Could you give the data below again, exactly and completely?

* [Records excerpted from a collection]
===============

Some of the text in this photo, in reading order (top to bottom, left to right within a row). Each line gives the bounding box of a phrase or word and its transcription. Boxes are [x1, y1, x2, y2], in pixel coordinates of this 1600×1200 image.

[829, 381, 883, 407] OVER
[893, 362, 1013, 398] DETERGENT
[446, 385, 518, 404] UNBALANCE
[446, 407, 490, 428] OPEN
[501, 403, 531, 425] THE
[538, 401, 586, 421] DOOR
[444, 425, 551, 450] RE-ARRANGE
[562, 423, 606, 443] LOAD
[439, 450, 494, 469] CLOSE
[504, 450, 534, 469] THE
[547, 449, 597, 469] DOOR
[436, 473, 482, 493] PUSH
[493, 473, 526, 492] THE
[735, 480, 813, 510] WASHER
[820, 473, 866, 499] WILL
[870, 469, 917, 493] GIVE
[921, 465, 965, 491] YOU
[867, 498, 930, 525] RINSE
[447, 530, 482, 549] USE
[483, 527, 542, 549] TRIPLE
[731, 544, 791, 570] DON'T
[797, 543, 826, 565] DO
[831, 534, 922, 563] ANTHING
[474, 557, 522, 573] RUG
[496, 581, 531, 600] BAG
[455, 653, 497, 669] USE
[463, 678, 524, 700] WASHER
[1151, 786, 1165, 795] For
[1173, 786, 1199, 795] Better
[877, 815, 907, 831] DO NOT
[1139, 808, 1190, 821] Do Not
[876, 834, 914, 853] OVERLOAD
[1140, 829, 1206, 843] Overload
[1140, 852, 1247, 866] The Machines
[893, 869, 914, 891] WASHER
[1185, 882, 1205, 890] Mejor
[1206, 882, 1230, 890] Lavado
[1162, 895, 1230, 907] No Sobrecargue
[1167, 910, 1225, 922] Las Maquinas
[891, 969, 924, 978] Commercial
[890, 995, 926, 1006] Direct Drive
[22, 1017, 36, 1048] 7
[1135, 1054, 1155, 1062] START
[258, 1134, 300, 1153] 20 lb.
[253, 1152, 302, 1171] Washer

===============

* [Solved problem]
Some of the text in this photo, in reading order (top to bottom, left to right within a row). Each line gives the bounding box of a phrase or word and its transcription. Boxes are [x1, y1, x2, y2], in pixel coordinates of this 1600×1200 image.

[829, 381, 883, 407] OVER
[893, 362, 1013, 398] DETERGENT
[446, 385, 518, 404] UNBALANCE
[446, 407, 490, 428] OPEN
[501, 403, 531, 425] THE
[538, 401, 586, 421] DOOR
[444, 425, 551, 450] RE-ARRANGE
[562, 423, 606, 443] LOAD
[439, 450, 494, 469] CLOSE
[504, 450, 534, 469] THE
[547, 449, 597, 469] DOOR
[436, 473, 482, 493] PUSH
[493, 473, 526, 492] THE
[735, 480, 813, 510] WASHER
[820, 473, 866, 499] WILL
[870, 469, 917, 493] GIVE
[921, 465, 965, 491] YOU
[867, 498, 930, 525] RINSE
[447, 530, 482, 549] USE
[483, 527, 542, 549] TRIPLE
[731, 544, 791, 570] DON'T
[797, 543, 826, 565] DO
[831, 534, 922, 563] ANTHING
[474, 557, 522, 573] RUG
[496, 581, 531, 600] BAG
[455, 653, 497, 669] USE
[463, 678, 524, 700] WASHER
[1151, 786, 1165, 795] For
[1173, 786, 1199, 795] Better
[877, 815, 907, 831] DO NOT
[1139, 808, 1190, 821] Do Not
[876, 834, 914, 853] OVERLOAD
[1140, 829, 1206, 843] Overload
[1140, 852, 1247, 866] The Machines
[893, 869, 914, 891] WASHER
[1185, 882, 1205, 890] Mejor
[1206, 882, 1230, 890] Lavado
[1162, 895, 1230, 907] No Sobrecargue
[1167, 910, 1225, 922] Las Maquinas
[891, 969, 924, 978] Commercial
[890, 995, 926, 1006] Direct Drive
[22, 1017, 36, 1048] 7
[1135, 1054, 1155, 1062] START
[258, 1134, 300, 1153] 20 lb.
[253, 1152, 302, 1171] Washer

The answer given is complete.